Your instructions:
Give the records below again, word for word. No pictures belong in the copy.

(Beginning of Input for this task)

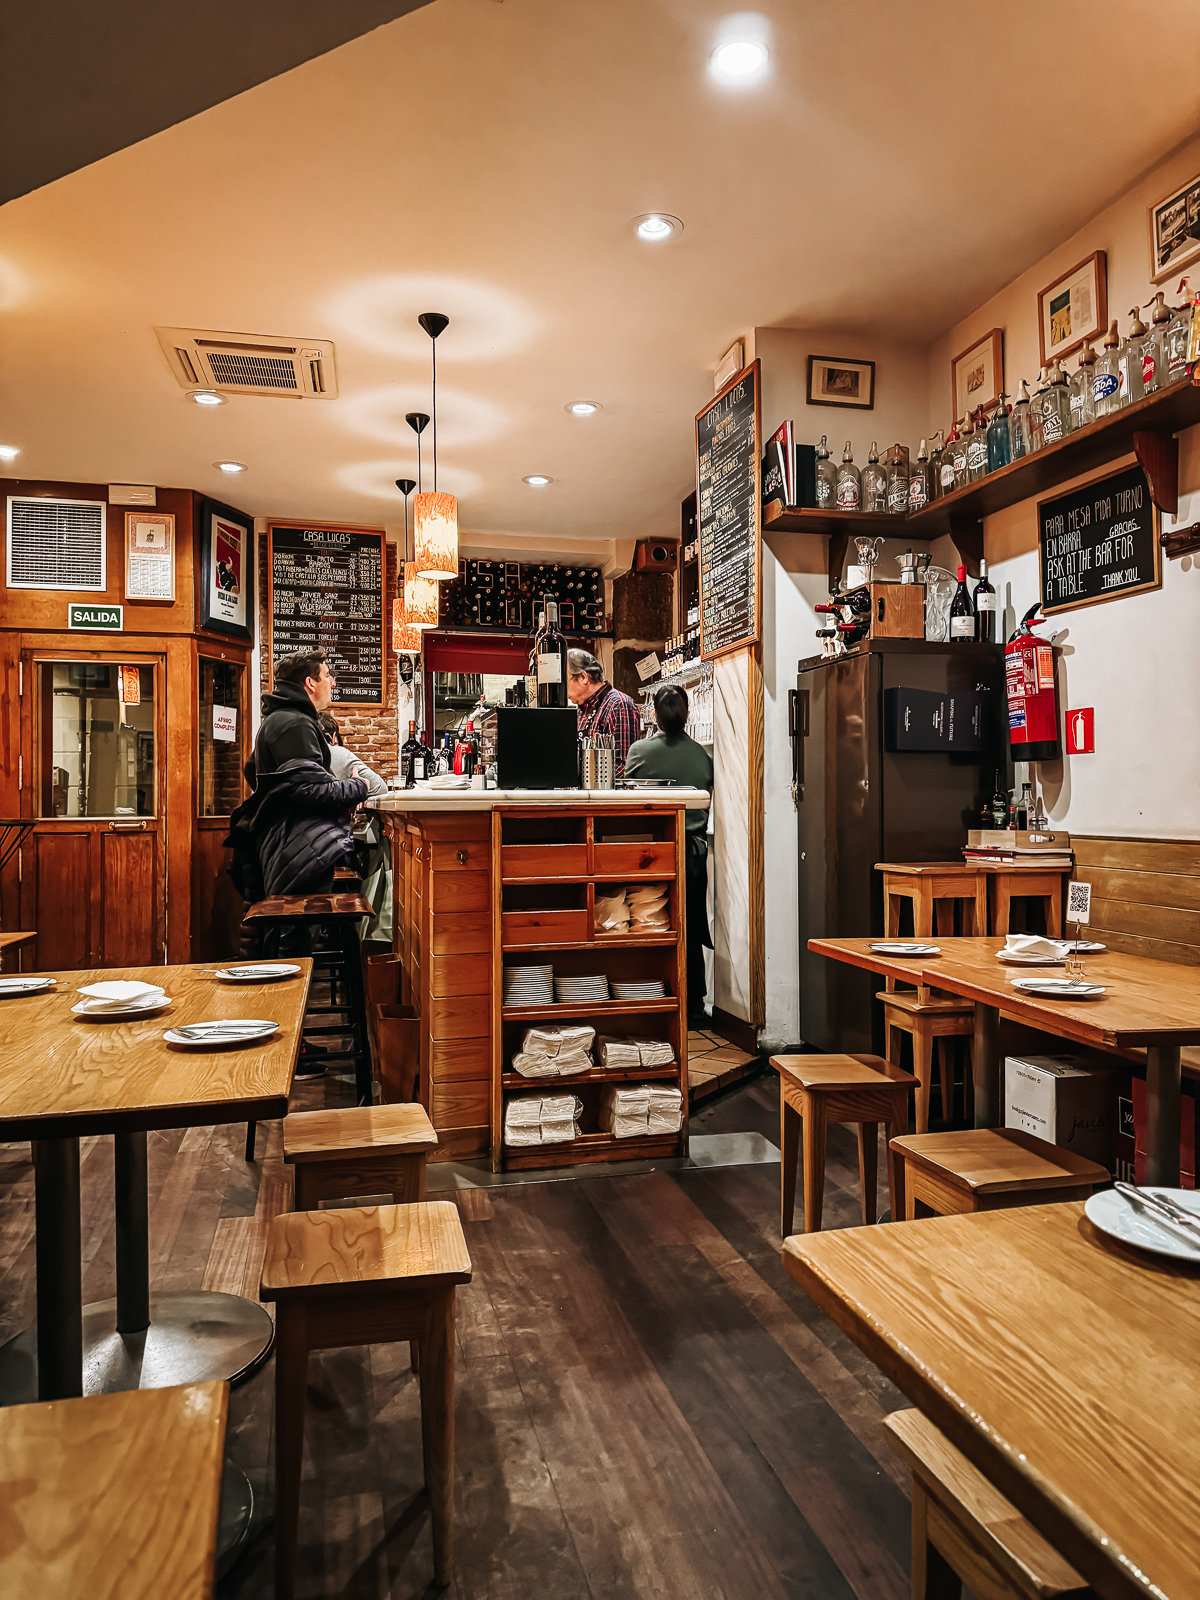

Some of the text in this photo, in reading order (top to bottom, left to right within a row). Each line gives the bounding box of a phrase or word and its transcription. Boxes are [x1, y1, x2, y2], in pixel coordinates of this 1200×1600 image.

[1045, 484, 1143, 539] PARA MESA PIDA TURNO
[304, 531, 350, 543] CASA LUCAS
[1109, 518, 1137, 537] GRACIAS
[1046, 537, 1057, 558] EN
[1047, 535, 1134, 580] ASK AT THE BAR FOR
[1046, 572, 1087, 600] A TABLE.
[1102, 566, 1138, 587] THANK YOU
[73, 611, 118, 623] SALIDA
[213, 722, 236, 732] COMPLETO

(End of Input for this task)

Task output:
Some of the text in this photo, in reading order (top to bottom, left to right within a row). Each line gives the bounding box of a phrase or word and its transcription. Boxes are [x1, y1, x2, y2], in pixel coordinates of this 1200×1600 image.

[1045, 484, 1143, 539] PARA MESA PIDA TURNO
[304, 531, 350, 543] CASA LUCAS
[1109, 518, 1137, 537] GRACIAS
[1046, 537, 1057, 558] EN
[1047, 535, 1134, 580] ASK AT THE BAR FOR
[1046, 572, 1087, 600] A TABLE.
[1102, 566, 1138, 587] THANK YOU
[73, 611, 118, 623] SALIDA
[213, 722, 236, 732] COMPLETO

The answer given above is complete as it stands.